Blood Flow Restriction Resistance Training Intervention on Vascular Function

Endothelial Function Clinical Trial

Official title:

The Effect of Blood Flow Restriction Resistance Training on Vascular Function: Wide-Rigid Cuffs vs. Narrow-Elastic Bands

Clinical Trial Details — Status: Recruiting

Administrative data

• NCT number: NCT05451641
• Other study ID #: STUDY00002999
• Status: Recruiting
• Phase: N/A
• Start date: September 20, 2022
• Est. completion date: February 2024

Study information

• Verified date: August 2023
• Source: University of Texas at Austin
• Contact: Lin-Sheng Chen
• Phone: 765-775-3257
• Email: samas9944[@]gmail.com
• Is FDA regulated: No
• Study type: Interventional

Clinical Trial Summary

The purpose of this study is to investigate the effect of blood flow restriction (BFR) resistance training on vascular function. The investigators aim to compare the effects of different BFR devices (wide-rigid cuffs and narrow elastic bands) on vascular function. The investigators hypothesize that BFR resistance training with wide-rigid cuffs might have a minor negative effect (short-term and reversible) on vascular function, while BFR resistance training with narrow-elastic bands may improve vascular function. Both training methods are equally effective in increasing muscle strength.

Description:

Blood flow restriction (BFR) resistance training has been proven to be effective in increasing muscle mass and strength. During BFR training, cuffs (similar to blood pressure cuffs) are placed on the proximal ends of the extremities to partially occlude arterial blood flow to the working muscles and fully restrict venous outflow from the working muscle. The metabolites produced by the working muscle during exercise are trapped in the working muscle, which causes metabolic stress to augment muscle adaptation. Typically, two types of cuffs are used in the BFR training: the narrow-elastic bands and wide-rigid nylon cuffs adapted from surgical tourniquets and blood pressure cuffs. Currently, the effect of BFR training on vascular function remains unclear. When the cuffs are removed after BFR training, there will be a reactive hyperemic blood flow to wash out all the metabolites produced during exercise. This reactive hyperemic blood flow also will impose shear stress on the arterial vessel wall. The shear stress will lead to an increase in vasodilator factors, which lead to an improvement in vascular function. However, other studies have pointed out that BFR training might cause a negative effect on vascular function when the occlusion pressure was too high. The possible mechanisms of the negative effect might be ischemia-reperfusion injury and retrograde shear stress in the artery. The wide-rigid cuffs are easily available but have the potential to inhibit the expansion of muscle upon increased blood flow accompanying exercise and muscle contraction while the narrow-elastic bands do not prevent the expansion. To the investigators' best knowledge, there is no study directly comparing different BFR cuffs on vascular function. Thus, the aim of the present study is to compare the effects of different BFR cuffs on vascular function (evaluated by flow-mediated dilation, a non-invasive measure of endothelial-derived vasodilation).

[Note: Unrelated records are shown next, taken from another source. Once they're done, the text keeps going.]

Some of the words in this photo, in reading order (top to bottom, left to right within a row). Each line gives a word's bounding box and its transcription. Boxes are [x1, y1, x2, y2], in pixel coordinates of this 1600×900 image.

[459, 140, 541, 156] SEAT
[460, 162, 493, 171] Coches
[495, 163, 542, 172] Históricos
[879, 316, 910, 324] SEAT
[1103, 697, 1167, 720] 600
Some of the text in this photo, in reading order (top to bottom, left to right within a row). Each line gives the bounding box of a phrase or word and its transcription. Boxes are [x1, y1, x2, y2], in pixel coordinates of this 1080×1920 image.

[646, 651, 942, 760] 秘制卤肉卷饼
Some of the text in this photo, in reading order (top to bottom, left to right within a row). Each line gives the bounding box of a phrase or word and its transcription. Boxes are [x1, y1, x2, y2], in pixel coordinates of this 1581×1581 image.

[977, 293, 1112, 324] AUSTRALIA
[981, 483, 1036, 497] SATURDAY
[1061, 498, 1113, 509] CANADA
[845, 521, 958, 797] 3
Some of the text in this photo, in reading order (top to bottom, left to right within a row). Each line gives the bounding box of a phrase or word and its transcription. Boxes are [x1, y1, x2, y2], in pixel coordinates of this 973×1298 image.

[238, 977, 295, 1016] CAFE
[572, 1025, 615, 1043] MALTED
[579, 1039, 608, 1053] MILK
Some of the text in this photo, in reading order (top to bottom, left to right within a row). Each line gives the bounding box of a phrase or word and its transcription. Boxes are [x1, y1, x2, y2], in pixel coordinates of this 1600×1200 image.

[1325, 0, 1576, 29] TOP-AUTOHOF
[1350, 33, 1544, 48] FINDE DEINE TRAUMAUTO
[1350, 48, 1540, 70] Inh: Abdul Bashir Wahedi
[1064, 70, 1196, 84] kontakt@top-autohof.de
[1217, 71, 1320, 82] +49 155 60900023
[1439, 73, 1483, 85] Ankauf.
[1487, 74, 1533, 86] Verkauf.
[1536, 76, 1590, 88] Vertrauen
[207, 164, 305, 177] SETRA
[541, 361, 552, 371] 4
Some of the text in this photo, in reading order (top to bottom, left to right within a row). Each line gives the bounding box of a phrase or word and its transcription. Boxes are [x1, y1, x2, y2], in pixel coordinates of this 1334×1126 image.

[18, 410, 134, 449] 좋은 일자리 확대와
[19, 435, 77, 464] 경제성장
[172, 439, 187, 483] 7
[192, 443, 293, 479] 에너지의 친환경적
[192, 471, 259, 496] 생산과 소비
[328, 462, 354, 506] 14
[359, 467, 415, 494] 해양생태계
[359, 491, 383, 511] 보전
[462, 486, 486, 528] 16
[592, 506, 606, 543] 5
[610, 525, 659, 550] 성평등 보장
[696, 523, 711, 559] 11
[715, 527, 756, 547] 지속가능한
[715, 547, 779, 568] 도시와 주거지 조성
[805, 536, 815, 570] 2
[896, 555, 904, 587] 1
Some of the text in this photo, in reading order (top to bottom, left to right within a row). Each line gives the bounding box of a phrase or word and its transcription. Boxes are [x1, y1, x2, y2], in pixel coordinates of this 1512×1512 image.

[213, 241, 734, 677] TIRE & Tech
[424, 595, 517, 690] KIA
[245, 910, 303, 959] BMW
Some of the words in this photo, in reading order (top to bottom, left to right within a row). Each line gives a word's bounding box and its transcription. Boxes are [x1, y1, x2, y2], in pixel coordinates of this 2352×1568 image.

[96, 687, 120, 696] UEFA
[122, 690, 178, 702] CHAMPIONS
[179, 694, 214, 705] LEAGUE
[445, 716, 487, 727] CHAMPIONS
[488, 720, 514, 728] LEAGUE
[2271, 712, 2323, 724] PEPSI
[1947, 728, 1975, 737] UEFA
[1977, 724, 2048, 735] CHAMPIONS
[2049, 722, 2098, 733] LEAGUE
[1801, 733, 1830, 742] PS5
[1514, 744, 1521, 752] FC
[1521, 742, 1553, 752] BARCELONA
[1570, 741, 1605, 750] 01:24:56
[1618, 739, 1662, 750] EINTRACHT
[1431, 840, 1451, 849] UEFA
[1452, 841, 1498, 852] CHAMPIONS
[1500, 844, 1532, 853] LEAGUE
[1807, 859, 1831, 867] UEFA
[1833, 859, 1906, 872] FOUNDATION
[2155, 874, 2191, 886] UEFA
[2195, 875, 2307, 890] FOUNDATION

Recruitment information / eligibility

• Status: Recruiting
• Enrollment: 25
• Est. completion date: February 2024
• Est. primary completion date: December 2023
• Accepts healthy volunteers: Accepts Healthy Volunteers
• Gender: All
• Age group: 18 Years to 40 Years

Eligibility

Inclusion Criteria:

• Apparently healthy, sedentary or recreationally active young adults aged between 18 - 40 years old and signed the informed consent.

Exclusion Criteria:

• A current COVID-19 diagnosis
• morbid obesity
• hypertension
• smoking
• overt cardiovascular disease
• using any medication that might affect the cardiovascular system
• current participation in resistance training.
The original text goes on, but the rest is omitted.